##### SOURCE INFORMATION

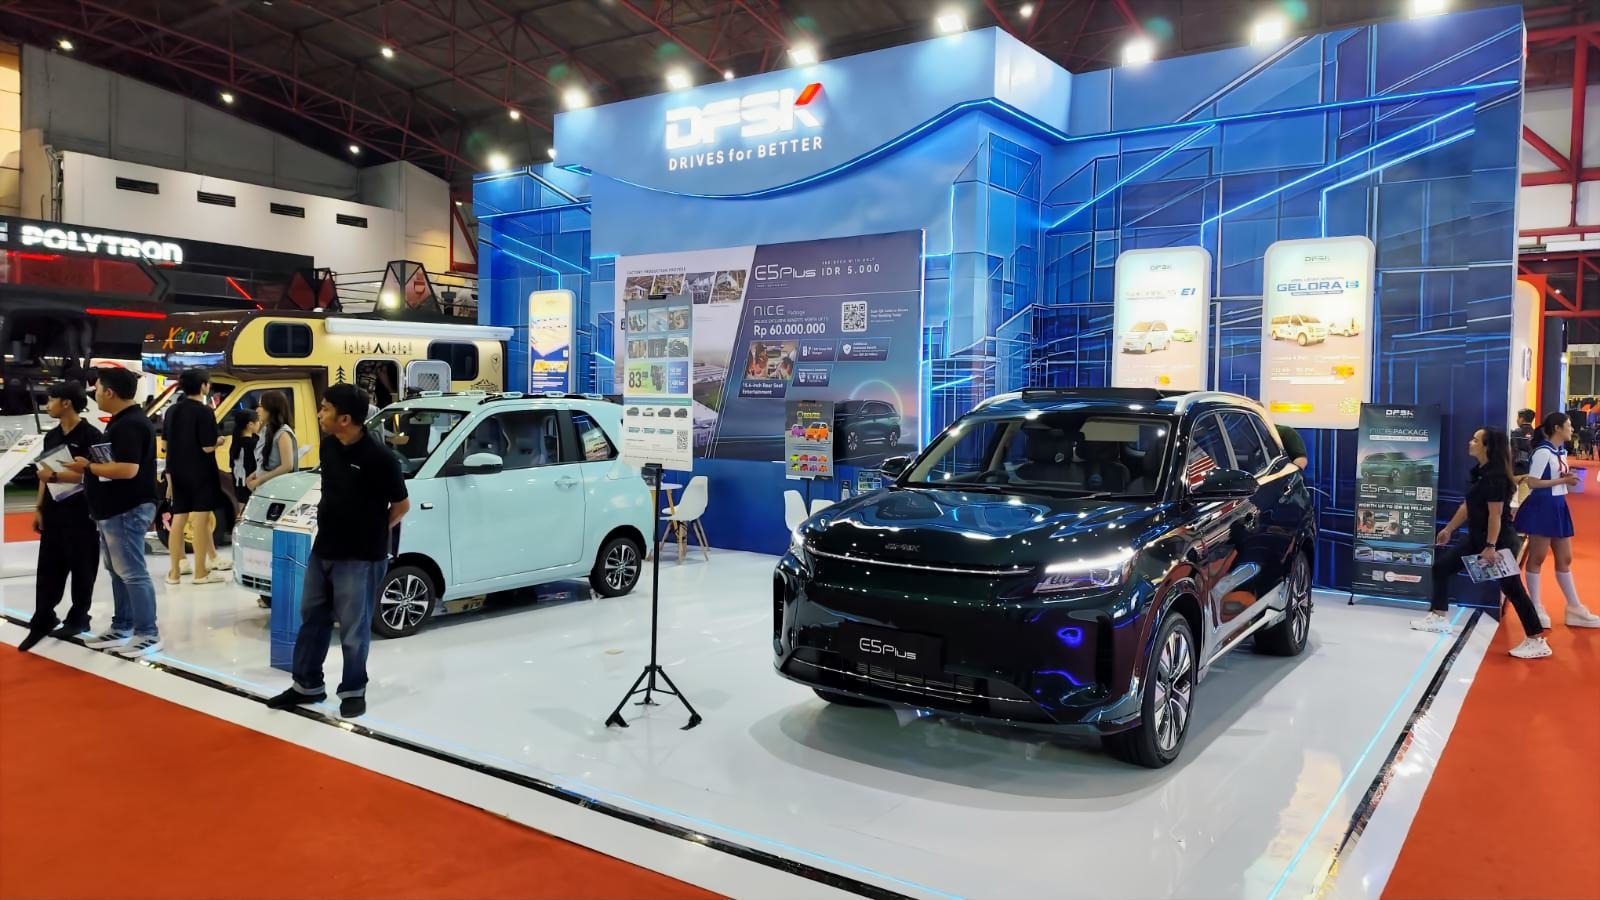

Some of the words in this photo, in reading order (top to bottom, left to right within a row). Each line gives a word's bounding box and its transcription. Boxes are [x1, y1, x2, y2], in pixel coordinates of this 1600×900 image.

[665, 83, 824, 150] DFSK
[668, 150, 725, 171] DRIVES
[728, 148, 752, 161] for
[757, 136, 823, 158] BETTER
[21, 225, 183, 265] POLYTRON
[821, 266, 841, 277] IDR
[847, 263, 880, 275] 5.000
[1276, 281, 1342, 292] GELORA
[753, 325, 767, 338] Rp
[769, 323, 826, 336] 60.000.000
[628, 371, 642, 388] 83
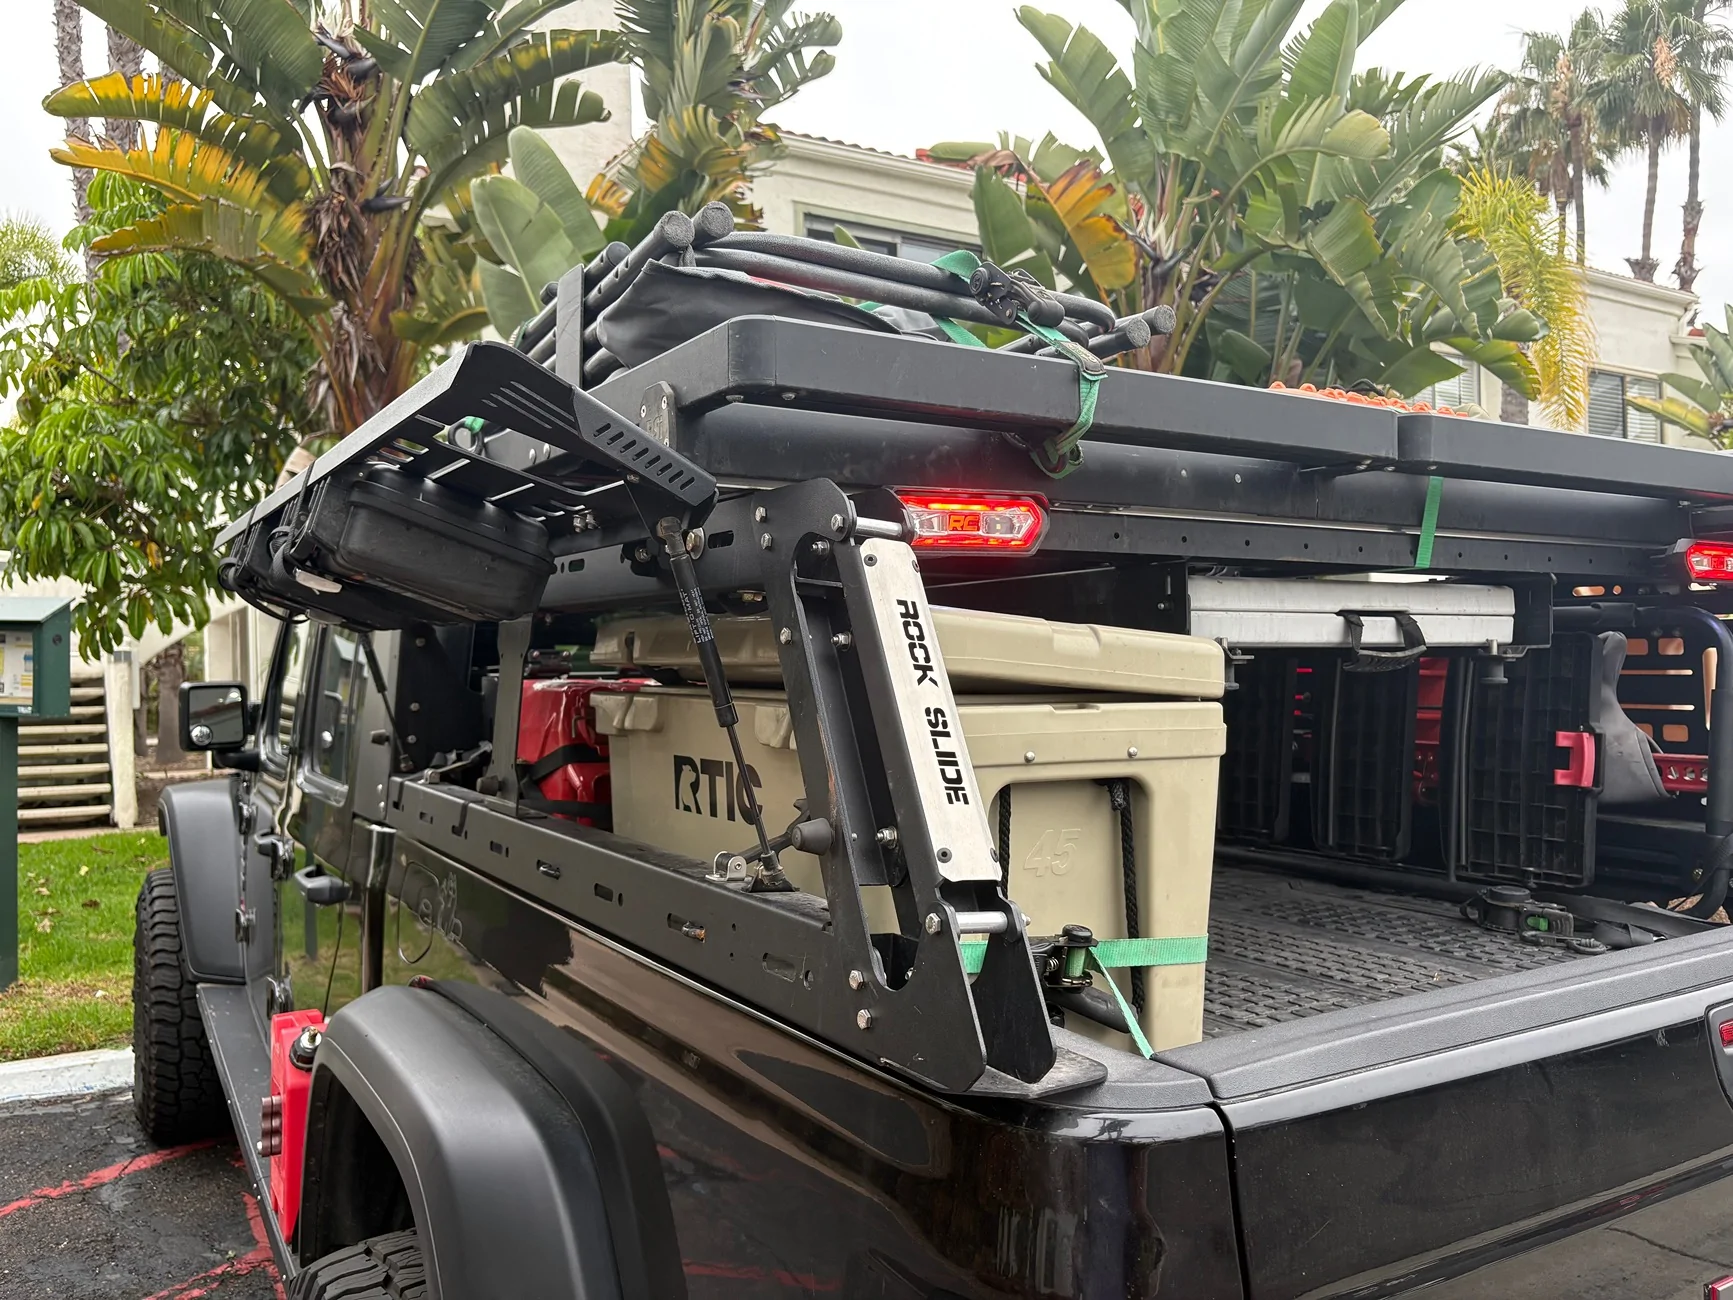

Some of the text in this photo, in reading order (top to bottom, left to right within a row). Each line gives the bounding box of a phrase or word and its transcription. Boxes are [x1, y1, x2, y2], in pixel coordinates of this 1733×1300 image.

[949, 515, 980, 531] RC
[896, 599, 970, 804] ROCK SLIDE
[673, 754, 763, 825] RTIC
[1023, 828, 1081, 877] 45
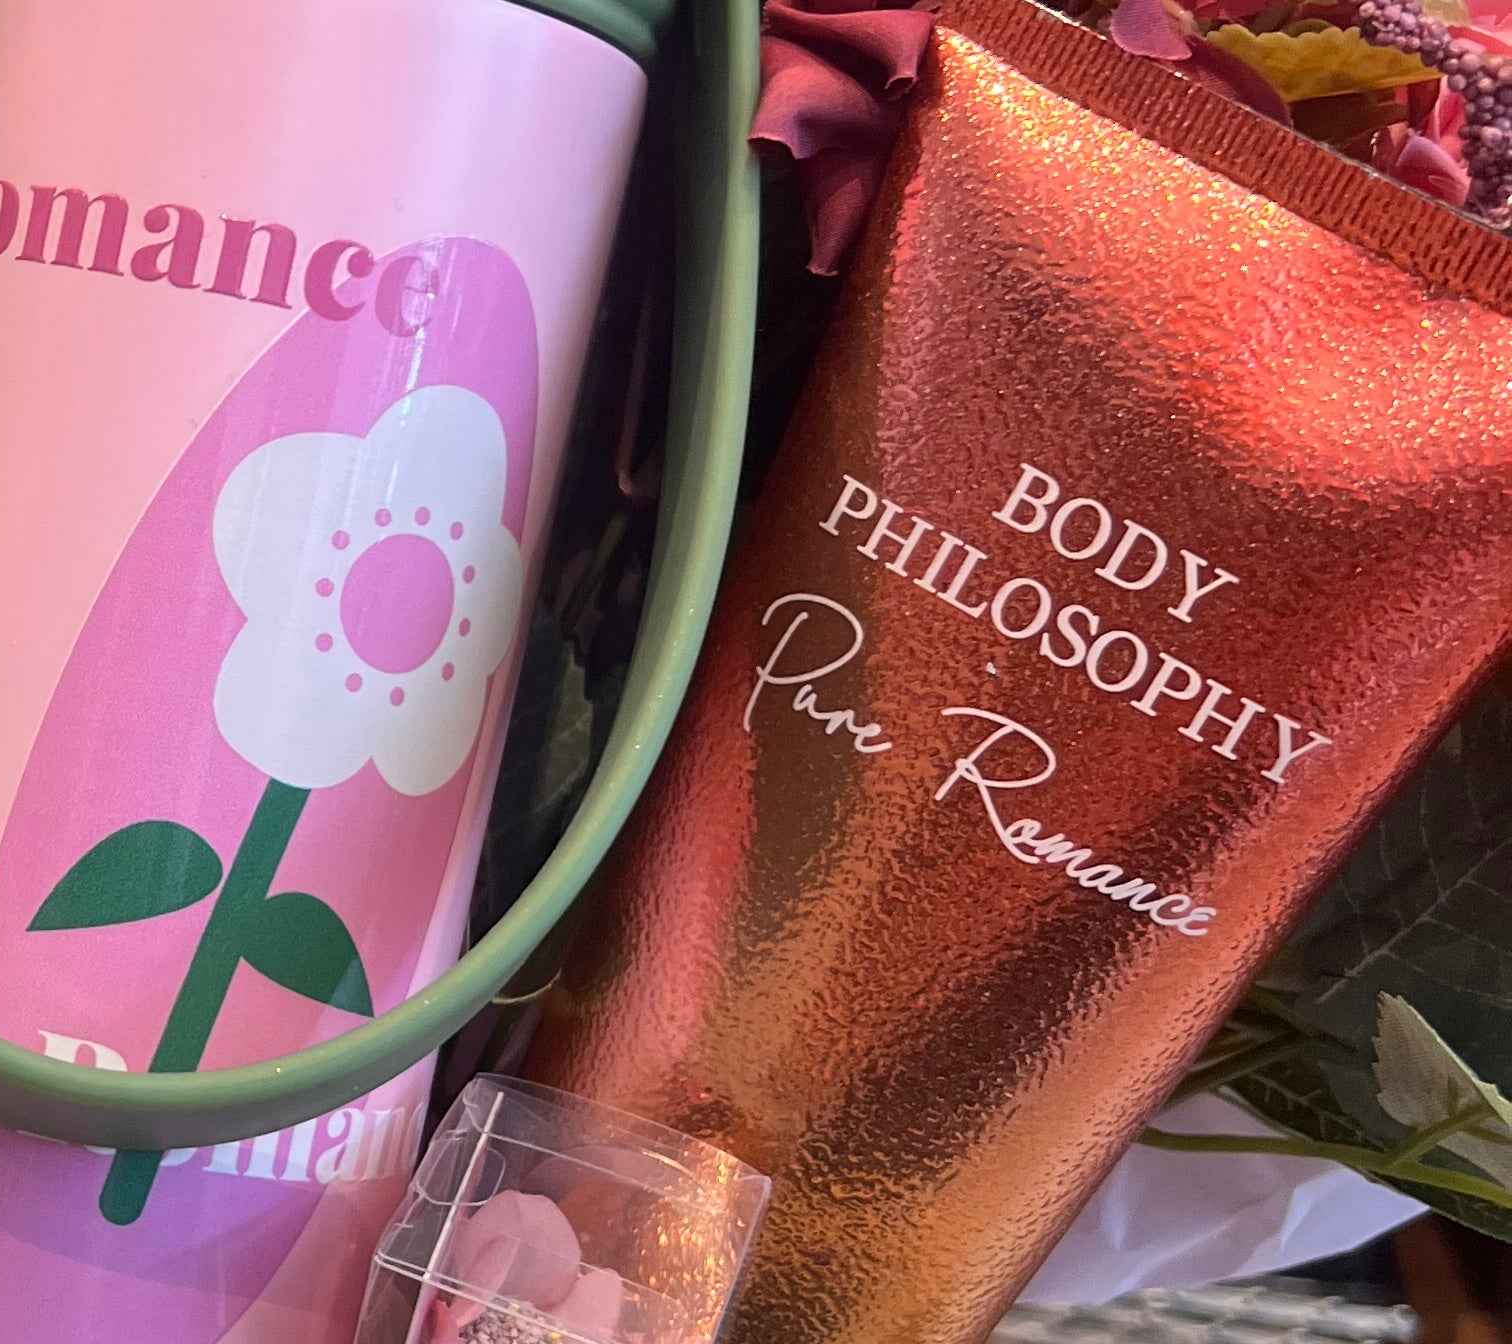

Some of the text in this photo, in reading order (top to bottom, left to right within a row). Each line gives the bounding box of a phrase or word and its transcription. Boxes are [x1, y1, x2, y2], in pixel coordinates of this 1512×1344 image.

[819, 474, 1332, 785] PHILOSOPHY
[991, 462, 1239, 623] BODY
[744, 593, 1217, 936] Pure Romance
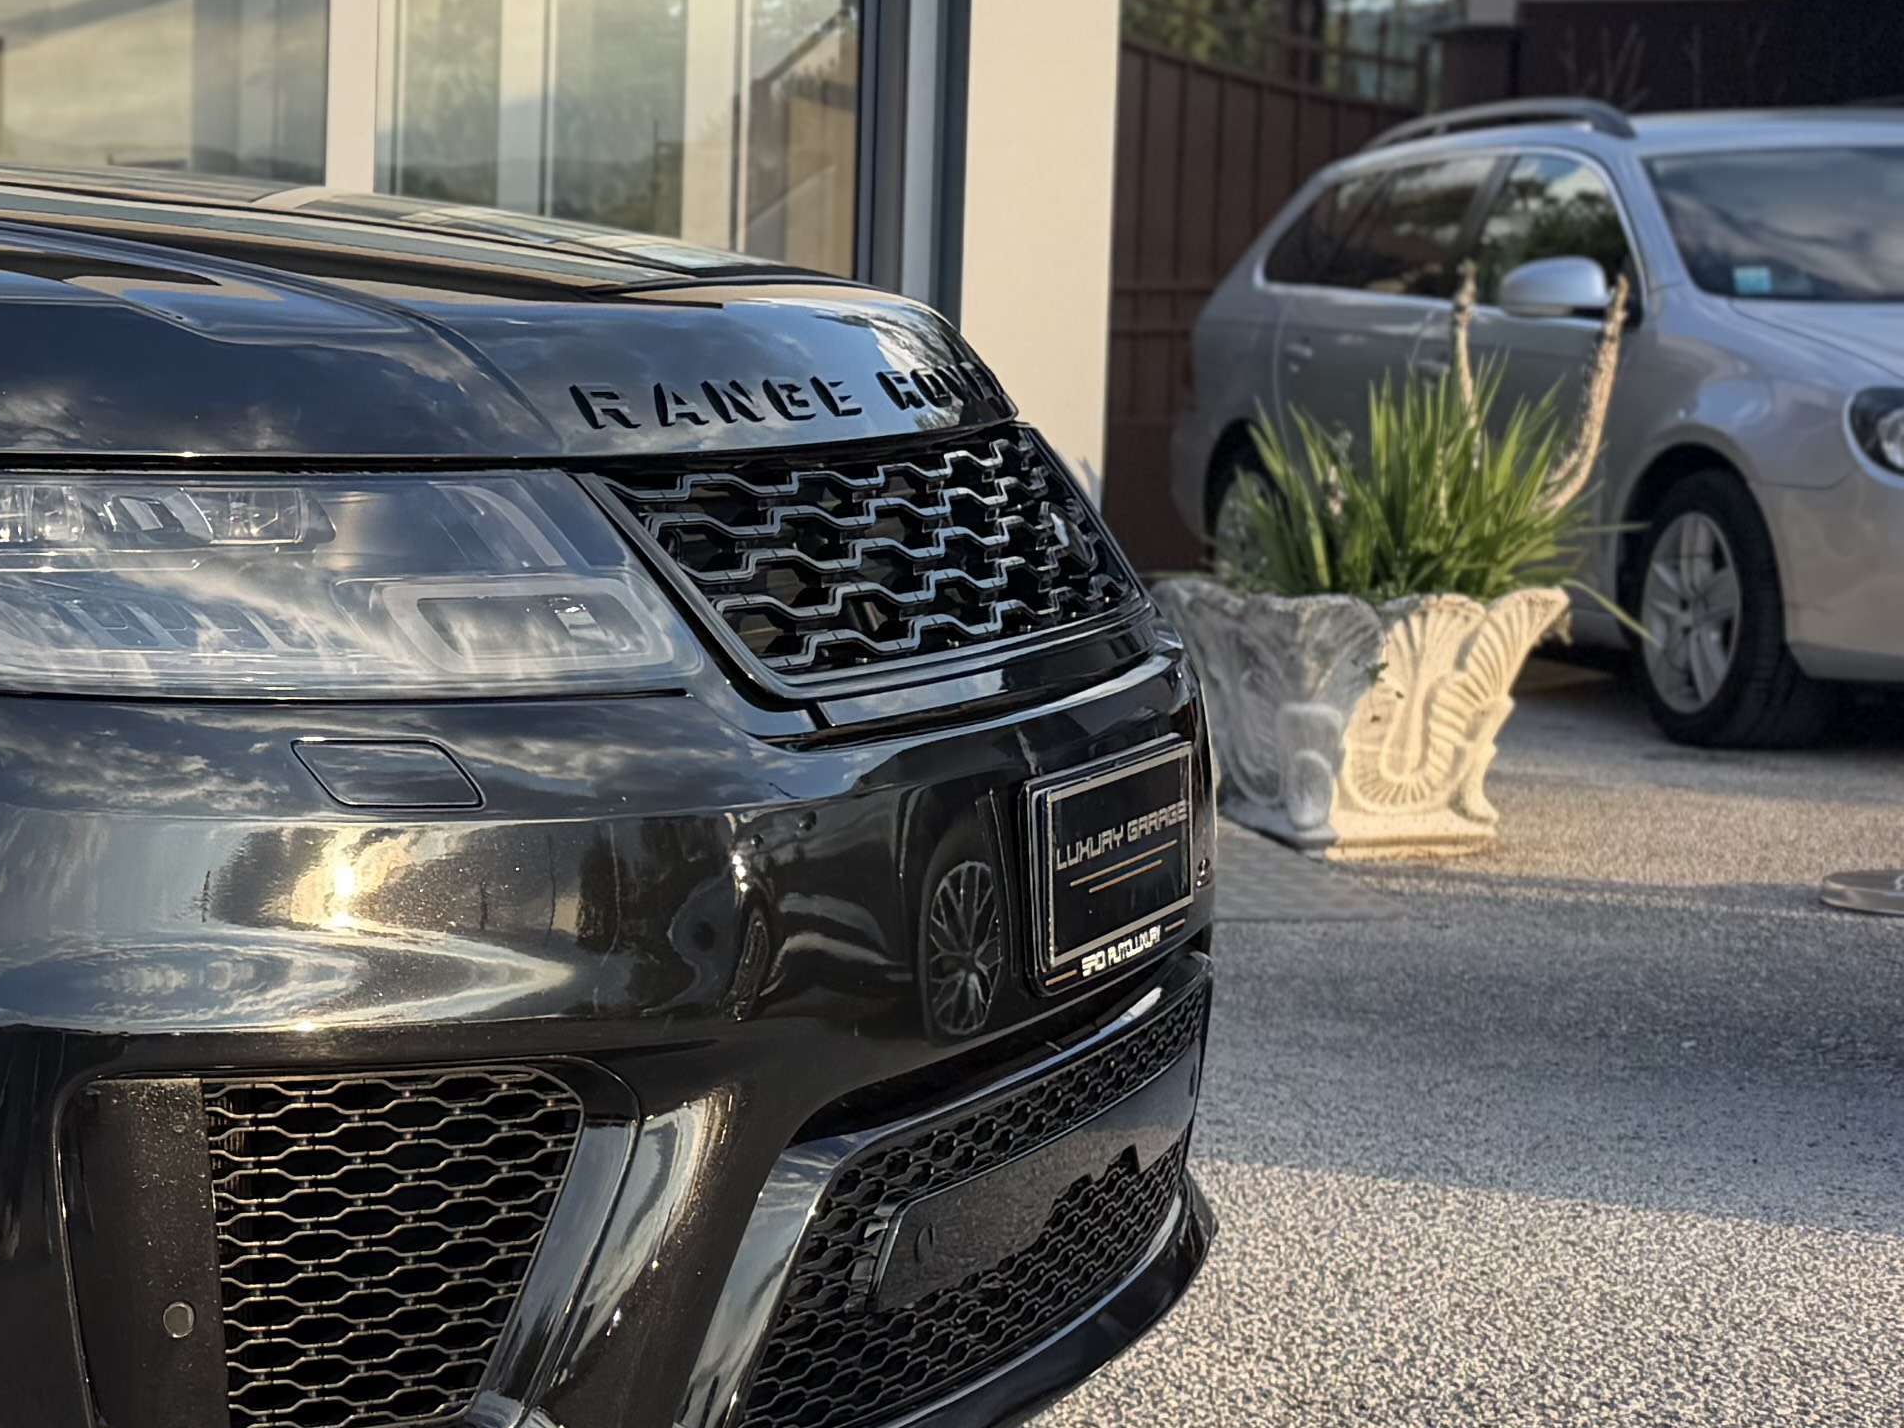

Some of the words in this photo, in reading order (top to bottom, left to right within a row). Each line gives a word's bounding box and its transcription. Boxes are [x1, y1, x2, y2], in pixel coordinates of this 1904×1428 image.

##########

ACTIVITY >>
Pictures omitted, give the entries again exactly.

WRITTEN ANSWER >>
Some of the words in this photo, in reading order (top to bottom, left to right within a row). Each line gives a word's bounding box and its transcription. Boxes are [x1, y1, x2, y2], in pixel coordinates of this 1600×900 image.

[665, 83, 824, 150] DFSK
[668, 150, 725, 171] DRIVES
[728, 148, 752, 161] for
[757, 136, 823, 158] BETTER
[21, 225, 183, 265] POLYTRON
[821, 266, 841, 277] IDR
[847, 263, 880, 275] 5.000
[1276, 281, 1342, 292] GELORA
[753, 325, 767, 338] Rp
[769, 323, 826, 336] 60.000.000
[628, 371, 642, 388] 83

Some of the text in this photo, in reading order (top to bottom, left to right within a row). Each line gives the bounding box of a phrase or word and its transcription. Boxes are [x1, y1, x2, y2], in pixel coordinates of this 1733×1300 image.

[949, 515, 980, 531] RC
[896, 599, 970, 804] ROCK SLIDE
[673, 754, 763, 825] RTIC
[1023, 828, 1081, 877] 45

Some of the text in this photo, in reading order (top to bottom, left to right within a row). Each line gives the bounding box of a phrase or word and its transcription. Boxes are [x1, y1, x2, y2], in pixel coordinates of this 1512×1344 image.

[819, 474, 1332, 785] PHILOSOPHY
[991, 462, 1239, 623] BODY
[744, 593, 1217, 936] Pure Romance

Some of the words in this photo, in reading order (top to bottom, left to right within a row). Each line gives a word's bounding box and its transcription. Boxes are [x1, y1, x2, y2], in pixel coordinates of this 1904×1428 image.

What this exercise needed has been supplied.